有訴者率(人口千人あたり)を男性と女性で分けて見ると、男性が276.8人、女性が345.3人と女性の方が高くなっています。
症状別に見ると、男性では腰痛での有訴受診率が一番多く、次に肩こりとなっています。女性では肩こりが一番多く、次に腰痛となっています。

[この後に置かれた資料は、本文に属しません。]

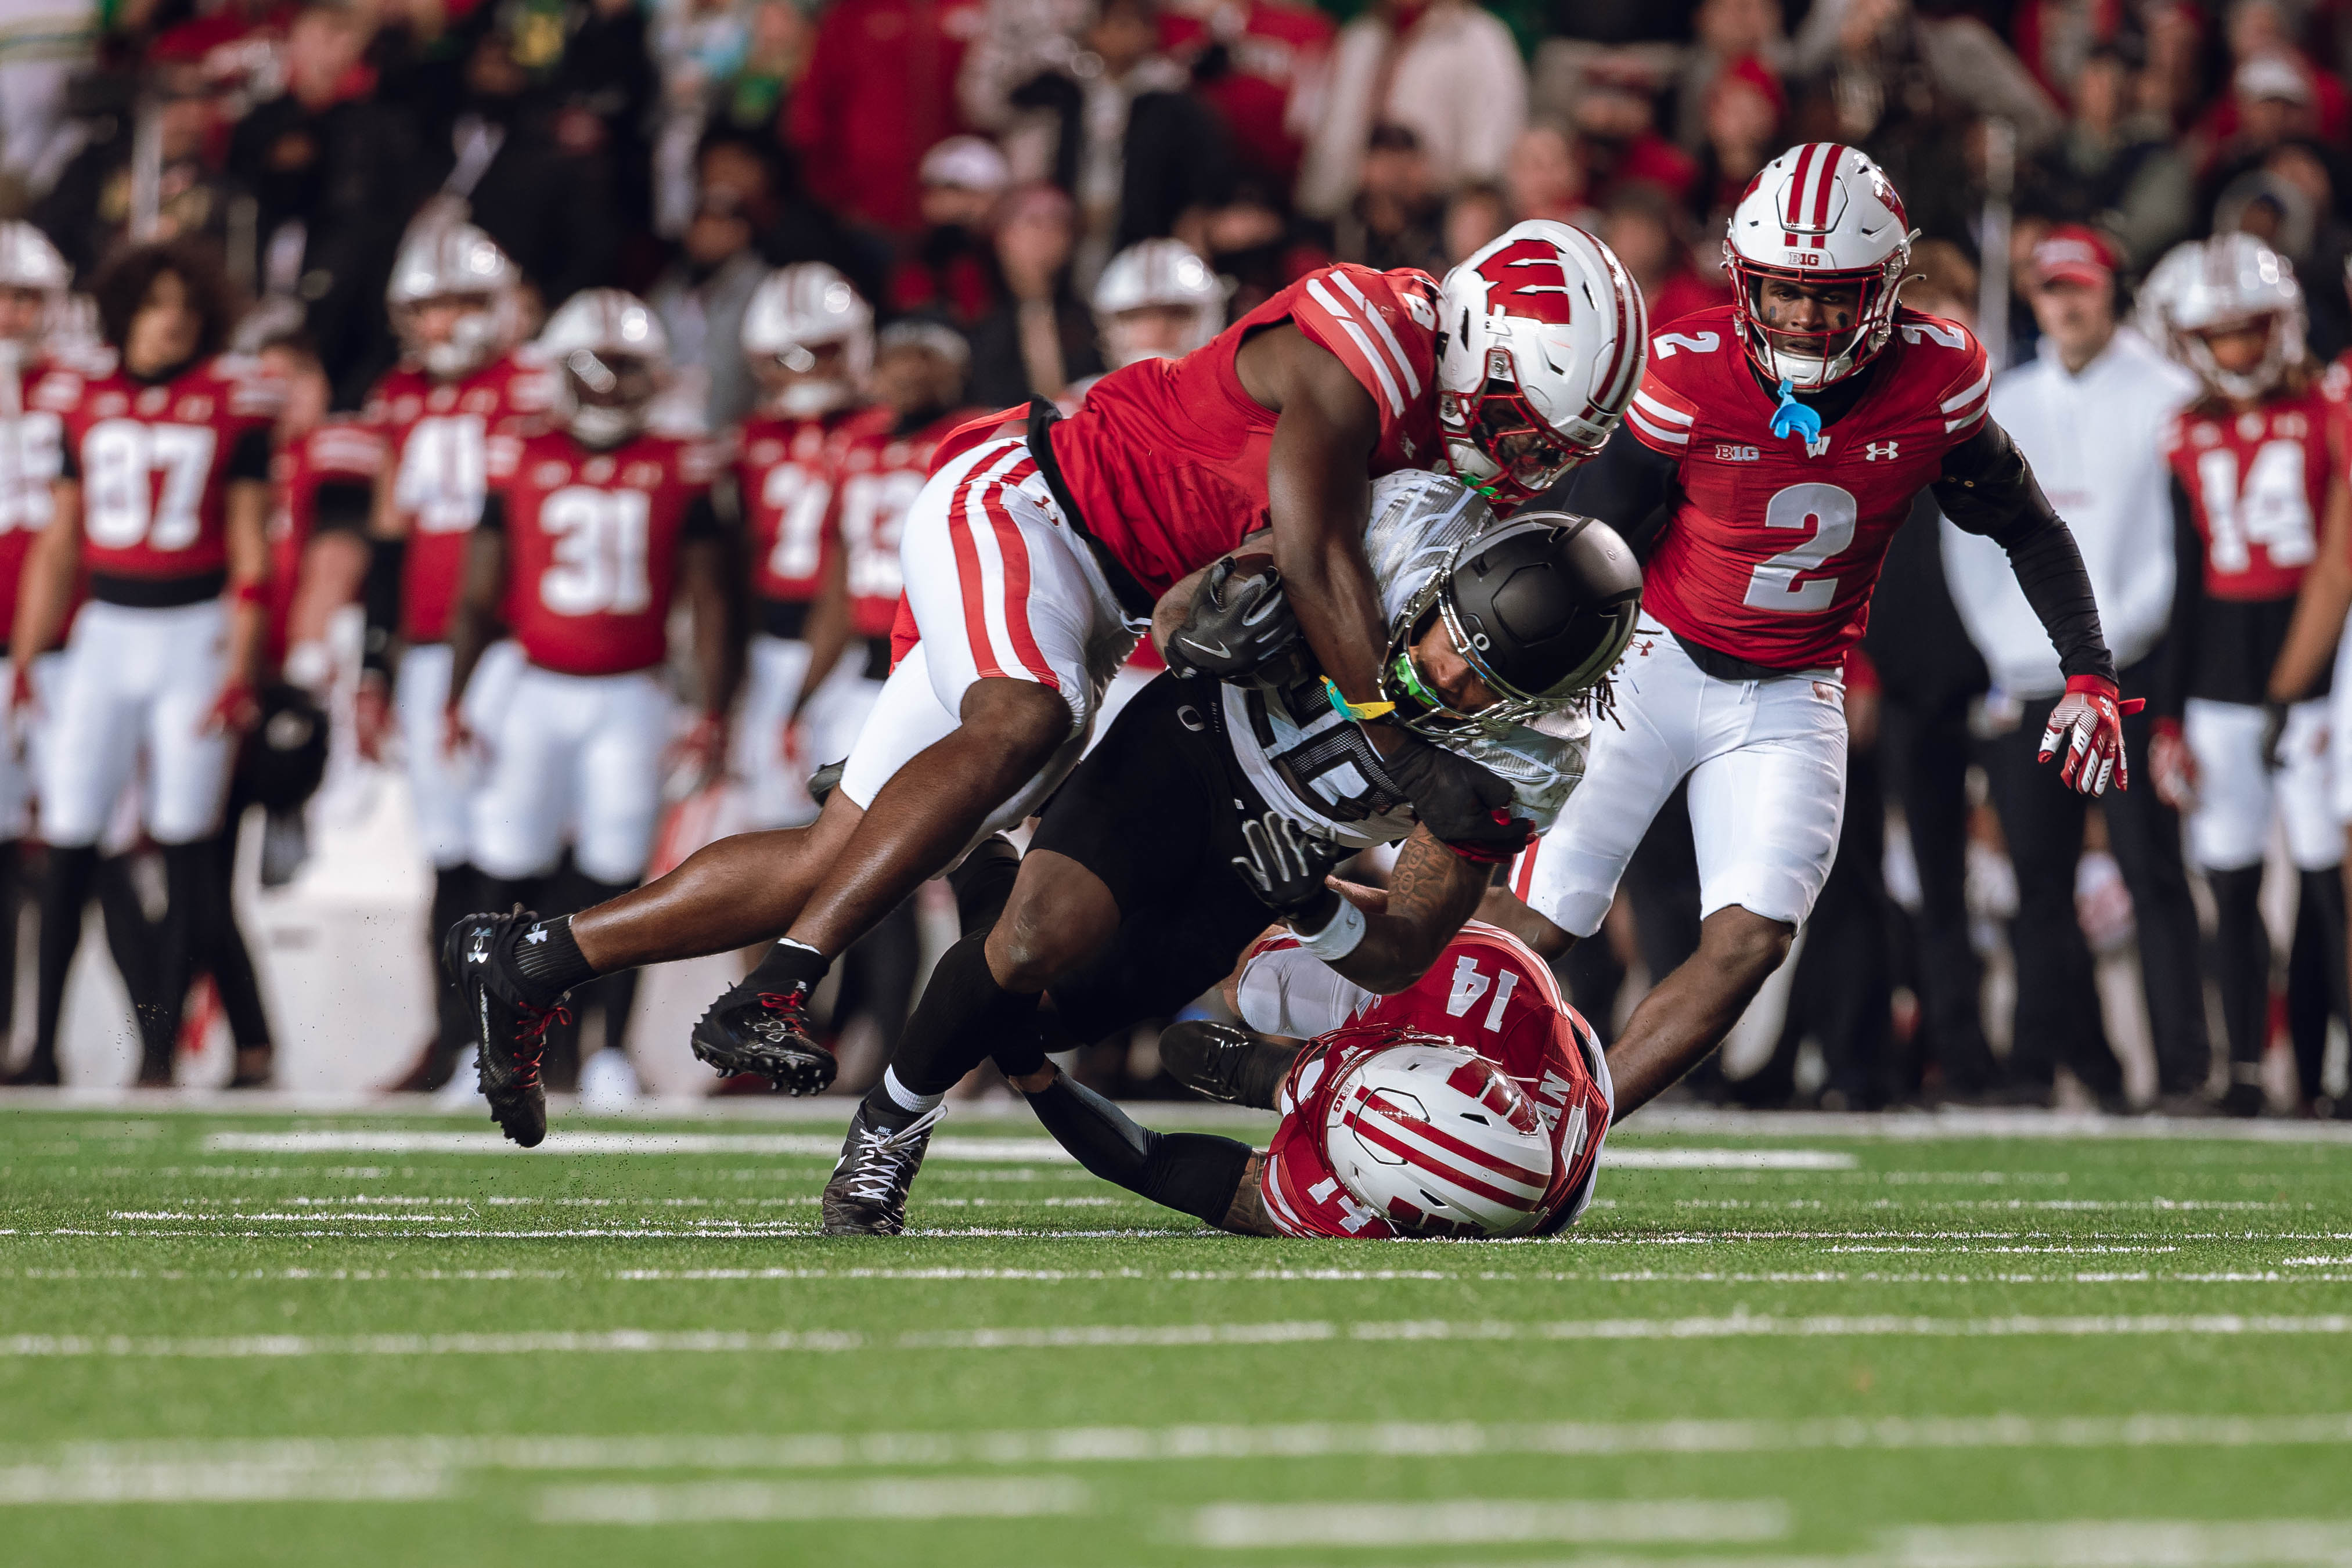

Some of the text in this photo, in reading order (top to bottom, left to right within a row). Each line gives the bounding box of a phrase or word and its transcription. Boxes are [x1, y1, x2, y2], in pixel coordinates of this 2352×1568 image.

[1652, 331, 1720, 360] 2
[1901, 323, 1966, 351] 2
[80, 418, 220, 549] 87
[762, 461, 833, 580] 7
[2197, 439, 2318, 575] 14
[539, 485, 652, 617] 31
[1743, 482, 1857, 611] 2
[1446, 955, 1519, 1033] 14
[877, 1126, 892, 1134] NIKE
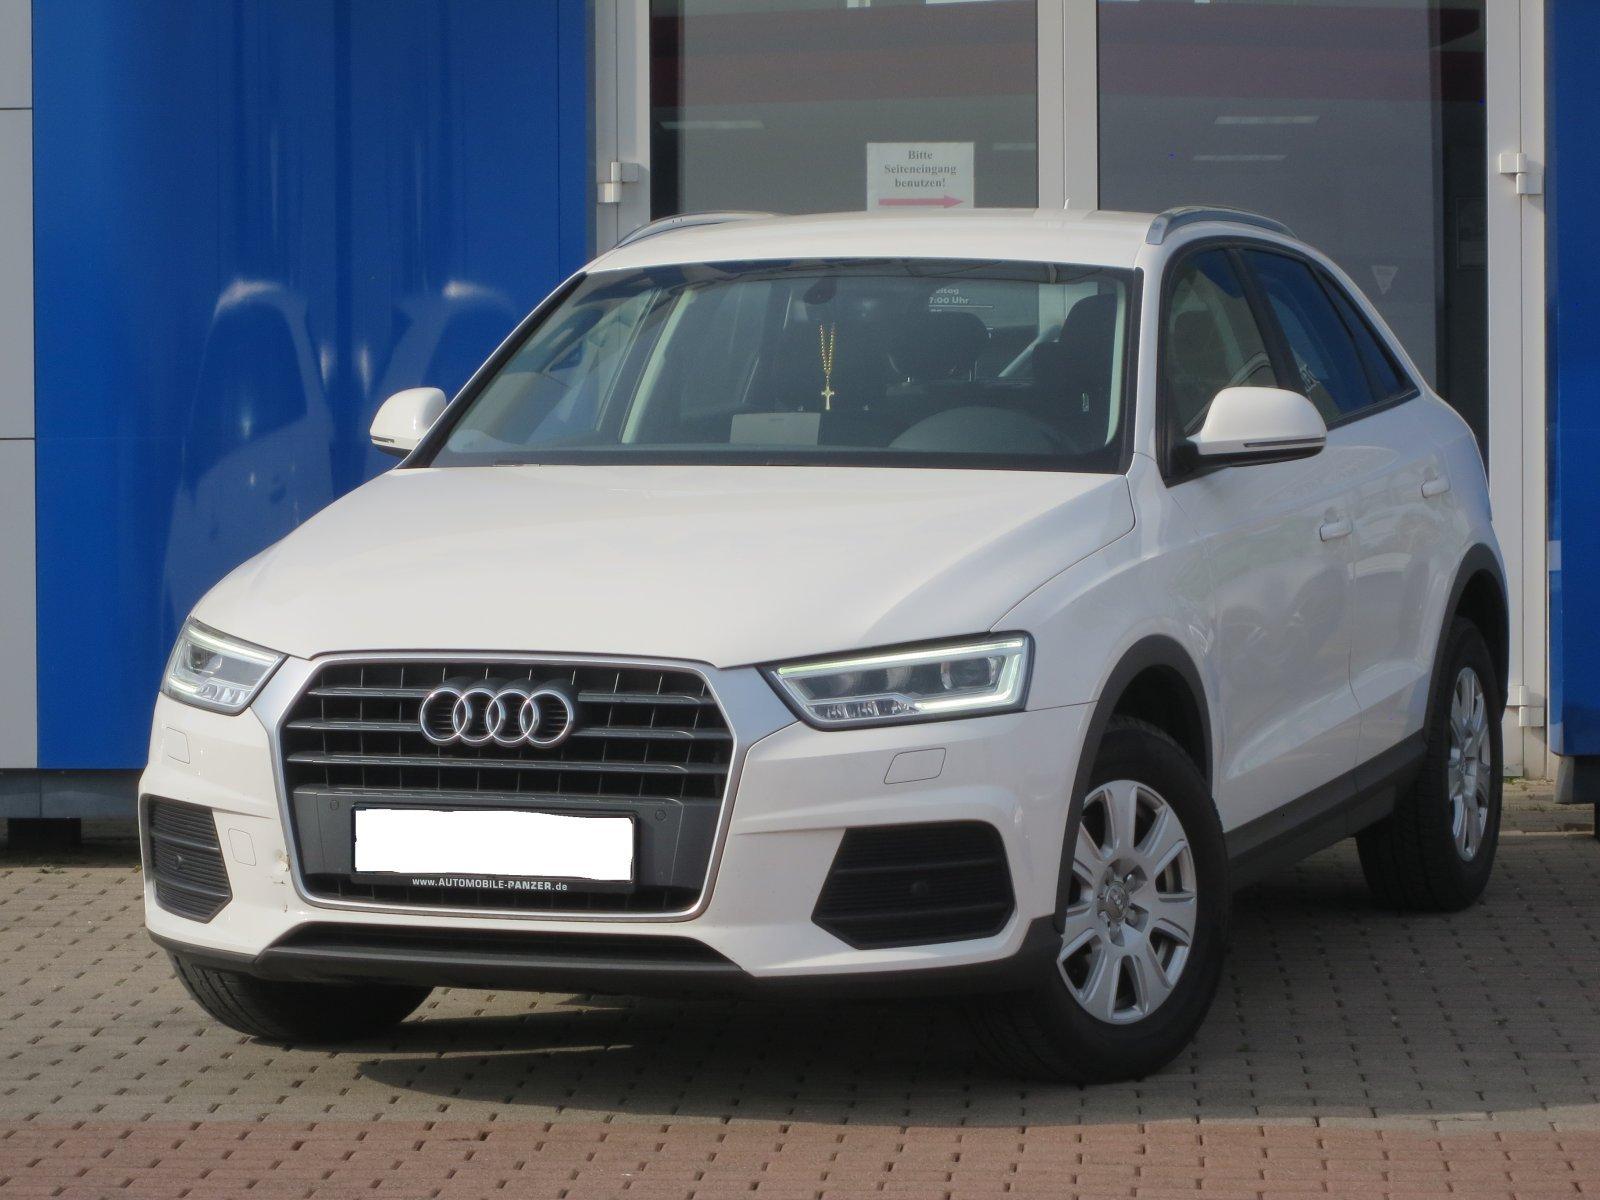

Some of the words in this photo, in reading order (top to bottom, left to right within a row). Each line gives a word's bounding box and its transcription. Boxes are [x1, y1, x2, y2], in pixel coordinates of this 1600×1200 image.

[908, 150, 934, 160] Bitte
[884, 163, 957, 175] Seiteneingang
[894, 178, 946, 188] benutzen!
[953, 296, 969, 305] Uhr
[412, 877, 568, 891] www.AUTOMOBILE-PANZER.de

それだけ男女ともに腰痛の症状を起こしている人が多いということになります。
通院者率においても男女ともに腰痛はベスト5に入ってきます。
腰痛を起こす主な疾患
重篤な疾患
1.脊椎疾患
椎体骨折、転移性脊椎腫瘍、椎間板ヘルニアによる馬尾障害、化膿性脊椎炎
2.循環器疾患
解離性大動脈瘤
3.消化器疾患
胃・十二指腸潰瘍穿孔、急性膵炎
4.泌尿器疾患
尿路結石
重篤でない疾患
1.脊椎疾患
ぎっくり腰、椎間関節症候群、強直性脊椎炎、椎間板ヘルニアによる神経障害
2.婦人科疾患
子宮内膜症、骨盤輪不安定症
3.泌尿器疾患
腎盂腎炎
4.精神・神経内科疾患
ヒステリー、心気症、詐病
腰痛を引き起こす主な疾患は様々ありますが、腰痛の中でも非特異的腰痛と言われる原因不明であるものが85%にも及びます。
この非特異的腰痛は手術を必要としない腰痛に分類されているため、私達セラピストがどのようにアプローチしていくのかが重要になります。
近年の考え方ではこういった人達は精神・神経内科疾患のような心理や精神面の影響を受けている可能性があるということも頭に入れておくべきです。
非特異的腰痛の悪循環
こういった重篤でない腰痛の人の多くは筋に関する障害があると言われています。
筋の障害を持った時の痛みの悪循環としてはいろんなパターンが考えられますが、少なくとも筋に損傷を起こすと、筋膜・筋小胞体が破壊され、シナプス前膜からカルシウムが持続的に放出され、終盤板のアセチルコリンの放出が高まり、シナプス後膜の持続的脱分極が起こることによって、持続的収縮による凝りや固さが起こってしまい、そこで血行障害が起こり、関連痛パターンが生じ、さらに柔軟性が低下し、動作時にまた障害を繰り返すような悪循環に陥ることが問題だと言われています。